─── DATA EXTRACT ───

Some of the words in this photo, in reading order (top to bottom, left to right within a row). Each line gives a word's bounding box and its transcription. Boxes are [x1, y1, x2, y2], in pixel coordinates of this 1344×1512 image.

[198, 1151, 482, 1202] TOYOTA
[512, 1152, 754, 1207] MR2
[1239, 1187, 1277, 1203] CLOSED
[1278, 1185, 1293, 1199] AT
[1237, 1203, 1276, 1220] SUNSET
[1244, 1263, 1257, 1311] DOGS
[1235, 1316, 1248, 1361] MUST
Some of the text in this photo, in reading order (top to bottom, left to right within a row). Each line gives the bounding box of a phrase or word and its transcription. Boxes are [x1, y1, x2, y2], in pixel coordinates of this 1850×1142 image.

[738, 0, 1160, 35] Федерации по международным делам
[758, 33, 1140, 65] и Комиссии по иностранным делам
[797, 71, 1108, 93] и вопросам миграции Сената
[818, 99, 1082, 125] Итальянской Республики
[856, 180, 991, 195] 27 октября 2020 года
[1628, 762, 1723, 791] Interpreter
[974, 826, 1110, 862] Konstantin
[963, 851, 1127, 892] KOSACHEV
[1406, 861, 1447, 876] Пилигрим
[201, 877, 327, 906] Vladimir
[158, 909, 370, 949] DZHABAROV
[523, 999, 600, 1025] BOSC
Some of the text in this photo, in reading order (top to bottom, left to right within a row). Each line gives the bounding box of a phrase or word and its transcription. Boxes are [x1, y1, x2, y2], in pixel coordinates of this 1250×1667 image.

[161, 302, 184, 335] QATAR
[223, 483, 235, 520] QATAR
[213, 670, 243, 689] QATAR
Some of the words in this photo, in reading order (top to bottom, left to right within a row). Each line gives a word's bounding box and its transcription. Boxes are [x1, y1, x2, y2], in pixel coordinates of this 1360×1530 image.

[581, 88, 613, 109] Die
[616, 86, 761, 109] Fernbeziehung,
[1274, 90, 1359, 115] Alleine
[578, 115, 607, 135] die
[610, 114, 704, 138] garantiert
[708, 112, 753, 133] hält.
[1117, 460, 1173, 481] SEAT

───

→ **TASK ITEM**: Without omitting anything, reproduce the whole of the data.

→ **TASK SOLUTION**:
Some of the words in this photo, in reading order (top to bottom, left to right within a row). Each line gives a word's bounding box and its transcription. Boxes are [x1, y1, x2, y2], in pixel coordinates of this 1344×1512 image.

[198, 1151, 482, 1202] TOYOTA
[512, 1152, 754, 1207] MR2
[1239, 1187, 1277, 1203] CLOSED
[1278, 1185, 1293, 1199] AT
[1237, 1203, 1276, 1220] SUNSET
[1244, 1263, 1257, 1311] DOGS
[1235, 1316, 1248, 1361] MUST
Some of the text in this photo, in reading order (top to bottom, left to right within a row). Each line gives the bounding box of a phrase or word and its transcription. Boxes are [x1, y1, x2, y2], in pixel coordinates of this 1850×1142 image.

[738, 0, 1160, 35] Федерации по международным делам
[758, 33, 1140, 65] и Комиссии по иностранным делам
[797, 71, 1108, 93] и вопросам миграции Сената
[818, 99, 1082, 125] Итальянской Республики
[856, 180, 991, 195] 27 октября 2020 года
[1628, 762, 1723, 791] Interpreter
[974, 826, 1110, 862] Konstantin
[963, 851, 1127, 892] KOSACHEV
[1406, 861, 1447, 876] Пилигрим
[201, 877, 327, 906] Vladimir
[158, 909, 370, 949] DZHABAROV
[523, 999, 600, 1025] BOSC
Some of the text in this photo, in reading order (top to bottom, left to right within a row). Each line gives the bounding box of a phrase or word and its transcription. Boxes are [x1, y1, x2, y2], in pixel coordinates of this 1250×1667 image.

[161, 302, 184, 335] QATAR
[223, 483, 235, 520] QATAR
[213, 670, 243, 689] QATAR
Some of the words in this photo, in reading order (top to bottom, left to right within a row). Each line gives a word's bounding box and its transcription. Boxes are [x1, y1, x2, y2], in pixel coordinates of this 1360×1530 image.

[581, 88, 613, 109] Die
[616, 86, 761, 109] Fernbeziehung,
[1274, 90, 1359, 115] Alleine
[578, 115, 607, 135] die
[610, 114, 704, 138] garantiert
[708, 112, 753, 133] hält.
[1117, 460, 1173, 481] SEAT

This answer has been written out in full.